Meski menjadi anggota FIFA, namun kriteria calon ketum ternyata tidak sama dengan aturan induk organisasi sepakbola dunia tersebut. Pada aturan FIFA disebutkan calon ketum tidak boleh melebihi usia maksimal yang telah ditentukan. Dan PSSI dalam hal ini menghapusnya.
FIFA juga mensyaratkan calon ketum adalah orang yangs selama ini aktif di sepak bola. Oleh PSSI aturan ini ditambah dengan kalimat sekurang-kurangnya aktif selama lima tahun.
Selain itu, menurut aturan FIFA, calon ketum tidak pernah divonis bersalah dalam kasus hukum. Tapi oleh PSSI aturan ini diubah menjadi kandidat yang dicalonkan tidak sedang dinyatakan bersalah atas suatu tindakan kriminal ketika kongres digelar.
Lagi-lagi di sini nampak sudah dipreteli. Aturan yang ada pada FIFA sudah dirombak sedemikian rupa yang menghasilkan “politik belah bambu”. Yang di atas disanjung-sanjung, sementara yang di bawah diinjak-injak.
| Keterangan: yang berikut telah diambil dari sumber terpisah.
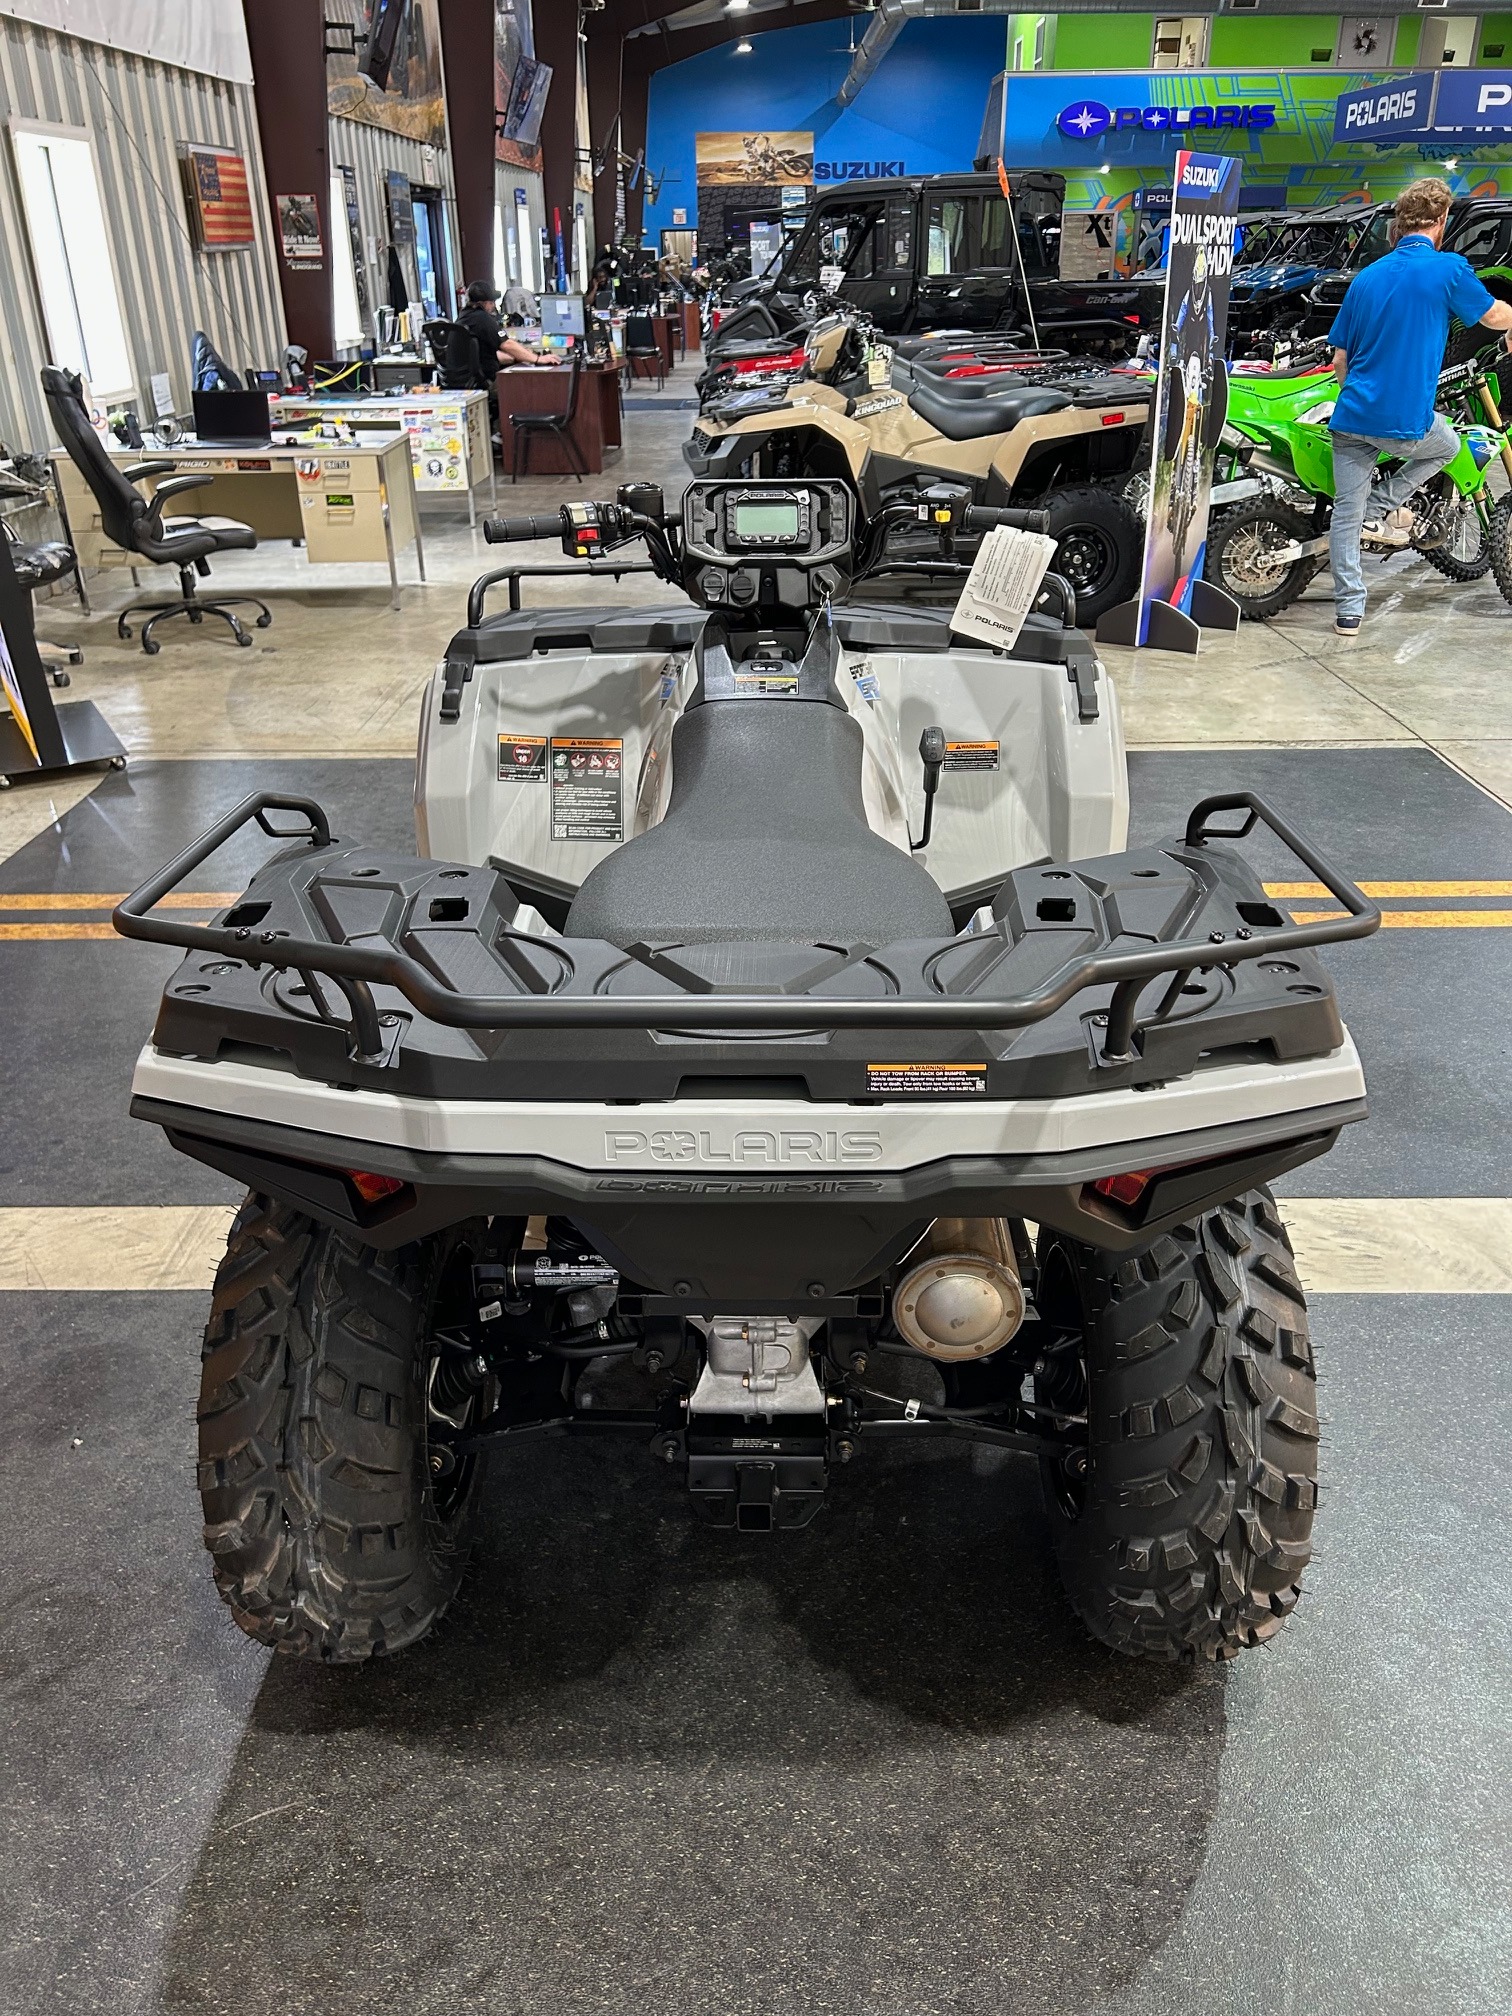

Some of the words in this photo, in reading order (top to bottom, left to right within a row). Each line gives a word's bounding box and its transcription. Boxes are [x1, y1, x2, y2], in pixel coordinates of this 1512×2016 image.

Lulusnya Nurdin dan Nirwan, membuat mata publik lebih terbuka dengan sebelah mata. Nurdin diduga memampaatkan PSSI untuk mencalonkan diri sebagai calon presiden AFF dan wakil Asosiasi Sepak Bola Asia Tenggara. Pasalnya, Nurdin sudah masuk sebagai nominasi dan akan bersaing dengan dua kondidat lainnya, yakni Sultan Haji Ahmad Shah (malaysia) dan Dapt Worawi (Tahiland). Sebagai gantinya, Nirwan yang akan melenggang sebagai ketum PSSI. Tentunya teriakan dan tuntutan masyarakat agar Nurdin turun malah menguntugkan posisi Nirwan. Pasalnya, ia akan menjadi sosok yang tak tersentuh setelah konsentrasi masyarakat hanya pada Nurdin.
Karena itu, jika ingin merevolusikan dunia sepak bola Indonesia, setidaknya ada lima hal yang harus dilakukan. pertama, sekiranya Nirwan yang maju, revolusi PSSI kecil harapan untuk berubah dan tercapai. Tentunya, jika ingin meneriak revolusi PSSI, publik tidak hanya fokus pada Nurdin, melainkan seluruh rezimnya.
Kedua, mengklarifikasi dan mempertegas tentang kriteria ketua umum PSSI suatu yang mesti. Sebab, kriteria yang diberlakukan di Indonesia, berbeda jauh dengan kriteria yang diberlakukan FIFA. Hal ini terjadi bukanlah tanpa sebab, sekiranya aturan yang diberlakukan FIFA diberlakukan di Indonesia, tentunya Nurdin tidak bisa melenggang-lenggang di kursi empuknya dari dulu sampai hari ini. Karena kepentingan politiknyalah aturan tersebut dipreteli.
Ketiga, dalam rembuk di tanah Lot, Bali, nanti. Seluruh elemen persepak bola diikut disertakan, termasuk juga LSI sebagai wadah lain penunjang kemajuan sepak bola Indonesia, diakui dan dinaungkan di bawah bendera PSSI. Artinya, semakin banyak jalan, semakin banyak pula potensi-potensi anak negeri yang dapat diserap.
Keempat, Andi Malaranggeng sebagai Menpora, lebih giat dan serius menyelesaikan sengketa yang ada ditubuh PSSI, Termasuk juga mengungkap mafia-mafia bola yang ada di tubuh PSSI.
Kelima, transparansi di tubuh PSSI lebih digalakkan.
Jika tidak, hemat penulis, keadaan dunia bola Indonesia kedepannya tidak jauh berbeda dari keadaan hari ini. Karena dalam tubuh PSSI itu sendiri hanya dipenuhi oleh orang-orang yang hanya mengenyangkan kepentingan politik mereka sendiri.
Akhir kata, kita sebagai anak negeri ini yang rindu pada kemajuan dunia bola Indonesia hanya bisa berharap dan beropini. Suara kita apakah didengar oleh mereka yang langgeng kuasa atau tidak, namun setidaknya bagi kita yang tak bisa berbuat apa-apa minimal berdo’a agar para petinggi kita mendengar rintihan orang-orang bawahan seperti kita.